BANDUNG — Pemprov Jawa Barat menekan proyeksi defisit APBD 2026 menjadi Rp3,4 triliun. Angka itu turun dari perkiraan awal Rp5,7 triliun setelah dilakukan rekonsiliasi.
Gubernur Jawa Barat Dedi Mulyadi mengatakan, salah satu penyebab potensi defisit adalah belum diterimanya dana bagi hasil pajak dari pemerintah pusat untuk periode 2023 hingga 2026.
“Akhirnya dari Rp5,7 triliun itu defisitnya bisa ditekan menjadi Rp3,4 triliun,” ujar Dedi Mulyadi, Jumat (11/9/2026).

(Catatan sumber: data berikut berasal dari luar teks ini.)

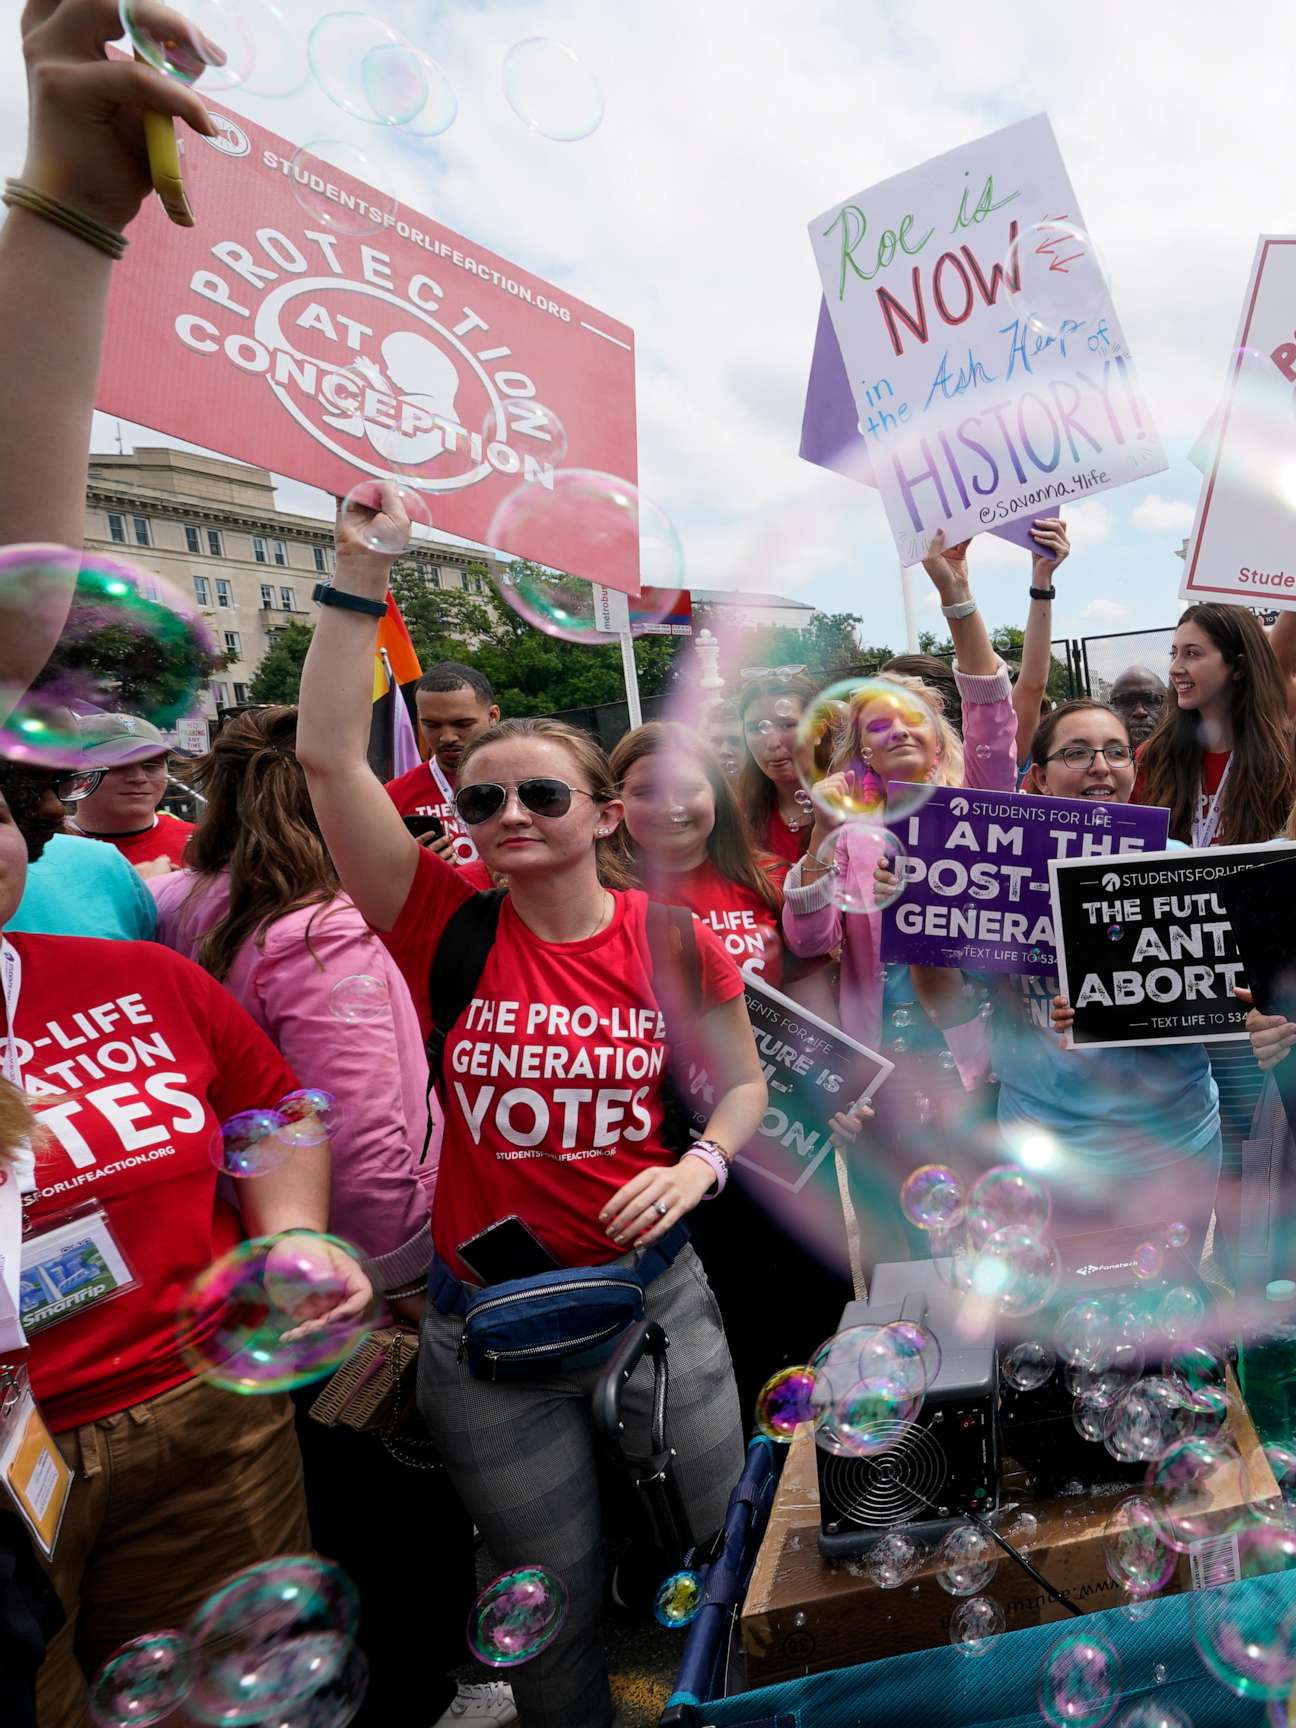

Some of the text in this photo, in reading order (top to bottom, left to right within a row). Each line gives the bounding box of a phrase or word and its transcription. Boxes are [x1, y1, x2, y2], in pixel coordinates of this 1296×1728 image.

[262, 148, 572, 323] STUDENTSFORLIFEACTION.ORG
[822, 170, 1021, 301] Roe is
[874, 219, 1022, 357] NOW
[189, 226, 553, 443] PROTECTION
[295, 302, 374, 352] AT
[861, 377, 894, 407] in
[866, 312, 1111, 443] the Ash Heap of
[174, 312, 556, 492] CONCEPTION
[891, 354, 1148, 533] HISTORY!
[908, 816, 920, 846] I
[944, 820, 1025, 856] AM
[972, 802, 1113, 829] STUDENTS FOR LIFE
[893, 855, 1050, 902] POST-
[1122, 869, 1195, 887] STUDENTS
[1194, 866, 1225, 881] FOR
[1082, 897, 1142, 926] THE
[962, 943, 991, 960] TEXT
[993, 949, 1018, 962] LIFE
[1131, 920, 1241, 963] ANT
[464, 997, 667, 1040] THE PRO-LIFE
[779, 1017, 806, 1040] FOR
[1151, 1016, 1179, 1029] TEXT
[1181, 1014, 1206, 1027] LIFE
[1208, 1013, 1225, 1025] TO
[451, 1038, 665, 1080] GENERATION
[815, 1067, 845, 1094] IS
[453, 1080, 652, 1149] VOTES
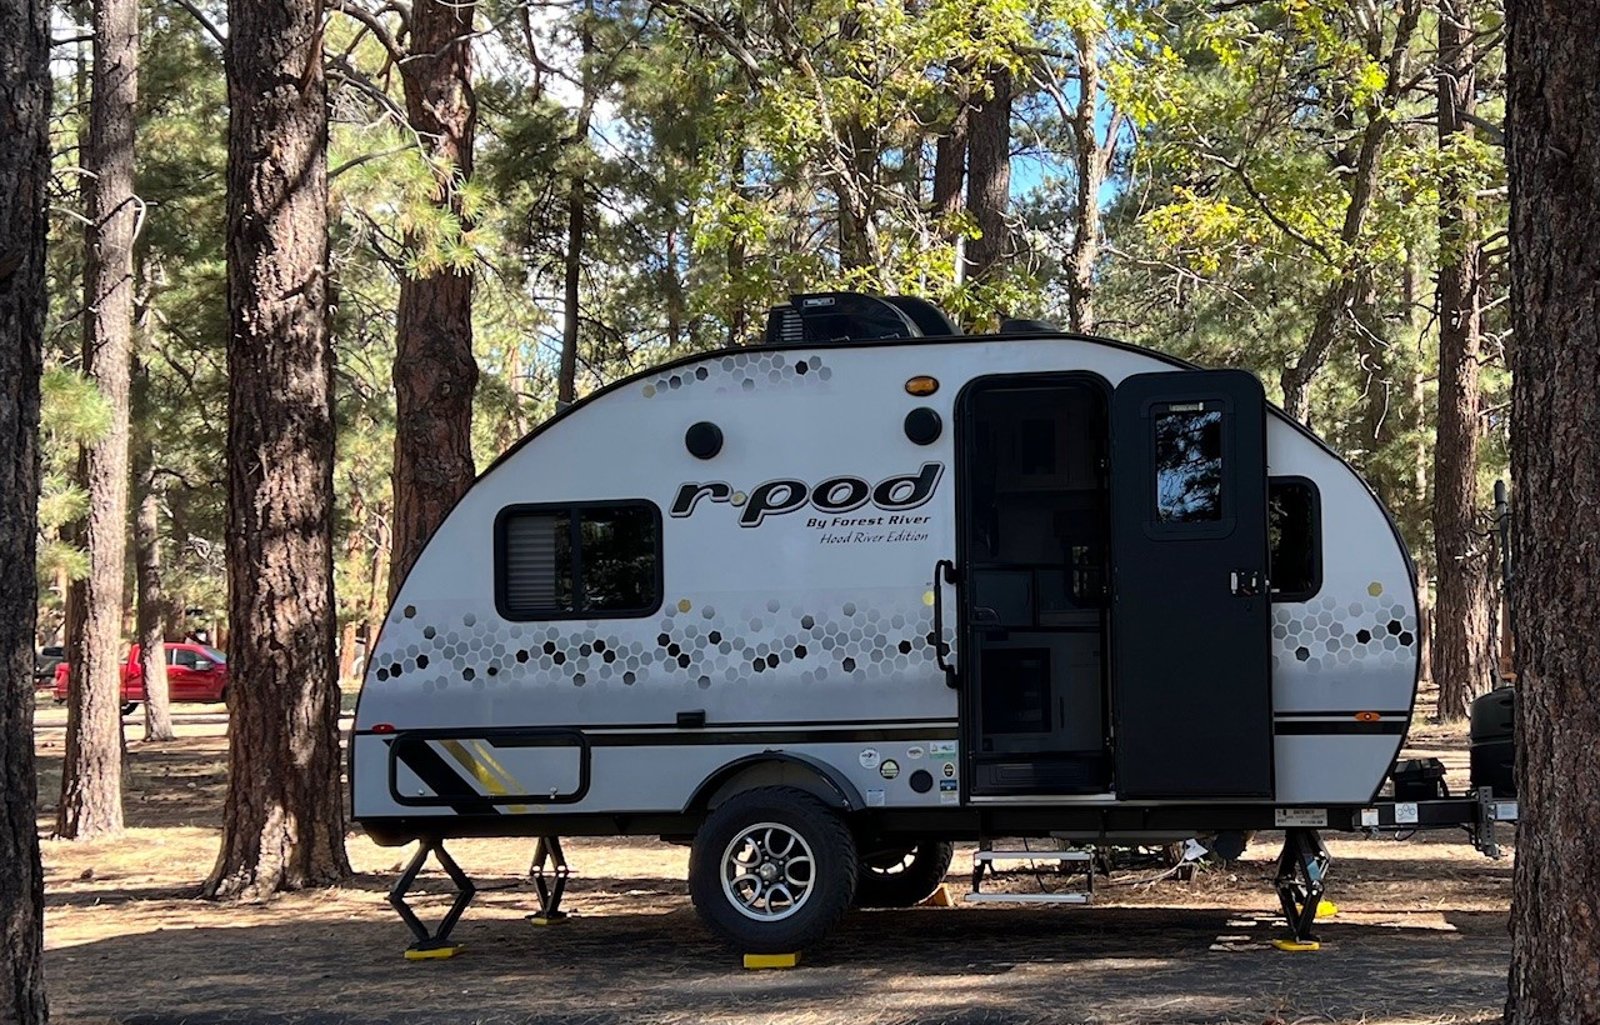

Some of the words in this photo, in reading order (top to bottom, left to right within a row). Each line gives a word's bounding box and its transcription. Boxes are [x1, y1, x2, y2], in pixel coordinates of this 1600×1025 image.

Selain dana bagi hasil pajak yang belum cair, penerimaan cukai rokok tahun ini tidak mencapai target. Kondisi itu ikut memperlebar tekanan pada struktur pendapatan daerah.
Faktor ketiga, kendaraan listrik tidak dipungut pajak kendaraan bermotor. Kebijakan itu memangkas salah satu sumber penerimaan yang selama ini rutin masuk kas daerah.

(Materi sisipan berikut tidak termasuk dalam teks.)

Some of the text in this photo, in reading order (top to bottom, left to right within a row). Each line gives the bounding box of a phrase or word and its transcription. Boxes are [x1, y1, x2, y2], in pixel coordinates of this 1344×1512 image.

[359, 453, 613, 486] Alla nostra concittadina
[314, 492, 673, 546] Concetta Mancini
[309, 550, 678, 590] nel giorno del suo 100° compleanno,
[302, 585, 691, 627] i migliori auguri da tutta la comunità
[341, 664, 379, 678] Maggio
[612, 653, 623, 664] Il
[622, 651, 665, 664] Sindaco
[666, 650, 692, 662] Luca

Dedi menyebut dana bagi hasil pajak dari pemerintah pusat untuk periode 2023 hingga 2026 belum diterima Pemprov Jabar. Posisi itu membuat ruang fiskal daerah lebih sempit dari perhitungan awal.
Belum diterimanya dana tersebut membuat Pemprov Jabar harus menyesuaikan proyeksi belanja. Rekonsiliasi dilakukan untuk memastikan angka defisit tidak melebar.
Dedi menjelaskan, potensi defisit juga berkaitan dengan pembangunan yang dilakukan secara masif oleh Pemprov Jabar. Proyek itu menjangkau berbagai pelosok daerah.
Belanja pembangunan yang menyebar ke pelosok menambah kebutuhan anggaran. Di sisi lain, penerimaan daerah belum sepenuhnya pulih dari tiga faktor di atas.
Pemprov Jabar berharap dana bagi hasil pajak dari pemerintah pusat segera dicairkan. Pencairan itu dibutuhkan untuk menutup selisih antara proyeksi pendapatan dan belanja yang sudah direncanakan.
Dengan defisit yang sudah ditekan dari Rp5,7 triliun ke Rp3,4 triliun, Pemprov Jabar masih menunggu kepastian waktu pencairan dana bagi hasil tersebut.